La ville de Lomé a servi de cadre, les 7 et 8 juin 2026, à une rencontre diplomatique majeure visant à faire le point sur la situation explosive dans l’est de la République démocratique du Congo (RDC). Y étaient conviés les représentants des principales instances régionales impliquées dans la médiation : la Communauté de développement de l’Afrique australe (SADC), la Communauté de l’Afrique de l’Est (EAC), la Conférence internationale sur la région des Grands Lacs (CIRGL), ainsi que les délégués de l’Union africaine (UA) et des Nations unies (ONU). L’enjeu ? Évaluer l’efficacité des différentes pistes diplomatiques et mesurer l’écart entre les positions des parties en conflit pour parvenir à une solution pérenne.
Lomé, un carrefour pour une médiation aux multiples visages
Le choix de Lomé n’est pas anodin. Faure Gnassingbé, facilitateur désigné par l’UA pour le dossier congolais, cherche depuis des mois à harmoniser des initiatives de paix qui, jusqu’ici, évoluaient en parallèle sans toujours se croiser. Le processus de Nairobi, piloté par l’EAC, et celui de Luanda, mené sous l’égide de l’UA avec l’implication de l’Angolais João Lourenço, ont progressé de manière isolée. Bien que leur rapprochement ait été amorcé en 2024, les résultats concrets sur le terrain tardent à se matérialiser.
Les diplomates présents ont admis que la coordination entre ces différentes voies reste le principal point faible de l’effort de paix. Plusieurs participants ont souligné l’importance de rationaliser les canaux de dialogue pour empêcher les parties prenantes de jouer une médiation contre une autre. Cette fragmentation a longtemps favorisé les groupes armés, en particulier le Mouvement du 23 mars (M23), dont l’avancée militaire dans les provinces du Nord-Kivu et du Sud-Kivu a profondément modifié l’équilibre sécuritaire régional.
Des négociations sous haute tension entre Kinshasa, Kigali et le M23
Les avancées évoquées lors de la rencontre de Lomé restent limitées au regard des attentes formulées. Les pourparlers directs entre les autorités congolaises et le M23, jusqu’alors rejetés par Kinshasa, ont finalement démarré sous la pression conjuguée des médiateurs régionaux et des partenaires internationaux. Parallèlement, le dialogue bilatéral entre la RDC et le Rwanda, suspecté par l’ONU et plusieurs capitales occidentales de soutenir le mouvement rebelle, constitue le défi politique le plus complexe à surmonter.

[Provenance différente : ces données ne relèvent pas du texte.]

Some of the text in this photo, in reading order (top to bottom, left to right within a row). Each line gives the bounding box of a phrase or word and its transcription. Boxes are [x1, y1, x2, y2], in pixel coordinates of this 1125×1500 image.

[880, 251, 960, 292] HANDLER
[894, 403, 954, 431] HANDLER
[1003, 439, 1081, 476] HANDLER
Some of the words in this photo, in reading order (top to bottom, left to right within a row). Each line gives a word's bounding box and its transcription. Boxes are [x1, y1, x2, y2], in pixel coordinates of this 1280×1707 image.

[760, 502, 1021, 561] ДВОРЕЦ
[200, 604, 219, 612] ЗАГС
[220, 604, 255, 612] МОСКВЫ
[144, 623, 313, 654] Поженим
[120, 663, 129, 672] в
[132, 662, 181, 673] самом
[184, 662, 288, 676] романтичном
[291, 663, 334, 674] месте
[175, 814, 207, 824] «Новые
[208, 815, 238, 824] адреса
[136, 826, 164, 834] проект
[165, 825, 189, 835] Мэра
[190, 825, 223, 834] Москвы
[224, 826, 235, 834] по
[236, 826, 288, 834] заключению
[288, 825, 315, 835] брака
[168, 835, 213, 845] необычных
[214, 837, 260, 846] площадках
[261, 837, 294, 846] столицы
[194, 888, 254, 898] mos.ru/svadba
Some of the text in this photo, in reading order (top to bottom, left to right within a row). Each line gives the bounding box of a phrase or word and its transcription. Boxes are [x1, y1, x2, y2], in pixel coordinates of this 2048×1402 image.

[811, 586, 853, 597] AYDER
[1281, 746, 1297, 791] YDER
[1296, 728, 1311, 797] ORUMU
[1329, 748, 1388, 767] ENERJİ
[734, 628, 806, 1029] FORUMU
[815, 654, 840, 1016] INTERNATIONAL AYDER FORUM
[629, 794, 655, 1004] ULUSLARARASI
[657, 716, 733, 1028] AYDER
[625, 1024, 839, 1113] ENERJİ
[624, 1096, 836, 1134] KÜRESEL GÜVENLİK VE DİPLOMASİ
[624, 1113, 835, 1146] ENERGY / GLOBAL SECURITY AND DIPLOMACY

Les médiateurs ont rappelé que la concrétisation des engagements antérieurs, tels que le retrait des troupes étrangères du sol congolais et le désarmement des groupes armés, accuse un retard alarmant. L’échec partiel de la mission de la SADC en RDC (SAMIDRC), marquée par des pertes humaines significatives début 2025, a mis en lumière les limites des réponses purement militaires face à un conflit aux racines multiples : économiques, foncières et identitaires.
L’économie de guerre, un frein majeur à la résolution du conflit
Au-delà des enjeux politiques, les participants ont mis en avant l’urgence de s’attaquer aux réseaux illicites d’exploitation des ressources minières du Kivu. Le coltan, l’étain, l’or et le tungstène nourrissent une économie de guerre dont les ramifications s’étendent bien au-delà des frontières congolaises. Plusieurs médiateurs ont plaidé en faveur d’un système régional de traçabilité, considéré comme une condition sine qua non pour envisager une désescalade durable.
La réunion de Lomé n’a pas donné lieu à des annonces retentissantes, mais elle a permis de réaffirmer l’importance d’une approche globale. Les prochaines étapes devraient intégrer davantage les acteurs locaux congolais, jusqu’ici marginalisés dans des processus dominés par les dirigeants et les chancelleries. La société civile du Nord-Kivu et du Sud-Kivu, ainsi que les autorités traditionnelles, sont désormais perçues comme des partenaires essentiels pour ancrer un éventuel accord dans le quotidien des populations affectées.
Les médiateurs ont quitté Lomé sans calendrier précis pour la signature d’un accord global. Les semaines à venir seront déterminantes pour savoir si l’impulsion diplomatique donnée à Lomé suffira à infléchir le cours d’un conflit qui, depuis plus de trente ans, défie toutes les tentatives de résolution dans la région des Grands Lacs.